Peru Elections: Socialist Leader Pedro Castillo in the Lead

Castillo's party Peru Libre supports the nationalisation of industries and resources and proposes to increase funding for education and cap salaries of congressional members.

FILE PHOTO: Peru's presidential candidate Pedro Castillo addresses supporters from the headquarters of the "Free Peru" party, in Lima, Peru June 8, 2021. REUTERS/Sebastian Castaneda

The Marxist Leninist leader Pedro Castillo is inching closer to victory in the presidential election in the Latin American Nation of Peru.

The final tally gave the leftist teacher Pedro Castillo a slim 50.17% to 49.83% advantage over his right-wing rival Fujimori, which amounts to about 60,000 votes.

Castillo is running against Keiko Fujimuri, in her third time running for president in the country. Fujimuri has accused Castillo of voter fraud, stating that around 500,000 votes are suspicious. In a press conference she stated: “There’s a clear intention to boycott the will of the people,” She then proceeded to use unverified twitter sources to back claims of Castillo’s supporters stealing votes.

Keiko Fujimuri, leader of Fujimorist political party Popular Force

The country’s electoral authority has yet to confirm the win, and Fujimori, has refused to concede.

“We call on the Peruvian people to stay alert,” Castillo told supporters on Friday night in the middle of last-minute legal disputes over the tight vote count.

The Peru election results since Friday are still undeclared as its electoral board reviewed ballots cast in the presidential election, after a challenge to the tally by the losing candidate Keiko Fujimori.

Yesterday in a boost to Castillo, the Electoral Observation Mission of the Organization of American States said the vote was a “positive electoral process” in which “serious irregularities” were not detected.

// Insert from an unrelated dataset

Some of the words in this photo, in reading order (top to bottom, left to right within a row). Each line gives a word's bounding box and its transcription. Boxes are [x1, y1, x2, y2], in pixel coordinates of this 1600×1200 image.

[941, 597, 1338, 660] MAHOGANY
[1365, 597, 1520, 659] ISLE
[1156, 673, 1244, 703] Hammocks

Castillo is being congratulated from the neighbouring nations of Argentina and Bolivia.

 

Bolivia’s former President Evo Morales, whose socialist party is in power the country congratulated Castillo on his “victory” in on Twitter, calling him a “brother of the soul and companion in struggle”. He called it not just the victory of Peruvian people but also a victory of Latin American people who want to live with social justice.

Castillo and Peru Libre

Castillo unnerved markets and mining firms when he first started to gain traction in the elections, when he won the first round vote in April. He was initially recruited by his party Peru Libre (Free Peru) as a minor candidate for these elections. In fact he was polling only 3-5 percent a month ago. However his performance in debates put him in the center of public attention. Castillo was a primary school teacher, and first rose to prominence in 2017, during a nationwide teachers strike against the then ruling government of Pedro Pablo Kuczynski.

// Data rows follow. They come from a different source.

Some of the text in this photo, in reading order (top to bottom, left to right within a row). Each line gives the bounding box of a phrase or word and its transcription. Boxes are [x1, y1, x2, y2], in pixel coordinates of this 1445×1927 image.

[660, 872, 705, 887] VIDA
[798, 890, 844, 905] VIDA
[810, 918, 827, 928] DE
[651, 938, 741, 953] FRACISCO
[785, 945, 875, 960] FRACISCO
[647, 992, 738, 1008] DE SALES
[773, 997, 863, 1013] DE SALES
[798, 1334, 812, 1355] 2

Peru Libre is actually a lesser known party in the country, founded by Vladmir Cerron, former governor of Junin (a town in Peru). Cerron has described the party ideology as Maxist Leninist and Mariáteguist (in reference to Peruvian Marxist writer José Carlos Mariátegui). Mariategui wrote extensively on indigenous communities being inherently socialist, and the joining of regional popular movements with revolutionary Marxist theory.

Peru Libre, on their platform, supports the nationalisation of industries (especially the country’s mining sector) and resources and proposes to radically increase funding for education, and anti-corruption measures such as caps on the salary for congressional members. The party also plans to create a new constitution and cast away the one imposed by neoliberal government of Alberto Fujimori in the 1990s which privatised a number of basic social provisions.

Voter Base in Rural Peru

Castillo has been fondly dubbed by many as the candidate for “Deep Peru” referring to the rural interiors of the country. The election counting has shown that a large part of his support comes from the interiors, and southern provinces of the country especially the Andean Highlands. The population is poorer and more rural in these regions. Peru’s more wealthier parts, such as Metropolitan Lima have tended to vote for right wing and neoliberal governments over time, and have contributed heavily to Fujimuri’s vote share this time around.

PC: World bank

Former congresswoman and indigenous leader Tania Pariona states that: “The profits generated by our natural resources are not enjoyed by the people in the regions that produce them. The pandemic has exposed this inequality. The territories which contain the resources have been the hardest-hit because they are the poorest.” Here she highlights how the rural interiors of the country are the laces that are the more mineral rich, yet the population residing here are the poorest in the country.

Castillo’s recent rise to the Peruvian spotlight shows the discontentment of the rural populations with previous neoliberal governments and an exploitative state system. The votes are still being counted, but the party’s victory seems to be near in site.

Read: Farmworkers’ Strike Forces Peru to Repeal Agrarian Law

Fujimuri is the heir of a powerful political family in Peru. She is the daughter of ex-president Alberto Fujimuri who is currently serving time in jail for human rights abuses and corruption. Keiko Fujimuri has been public in her support for her father and defends the campaign of extra-judicial killings carried out under her father’s rule.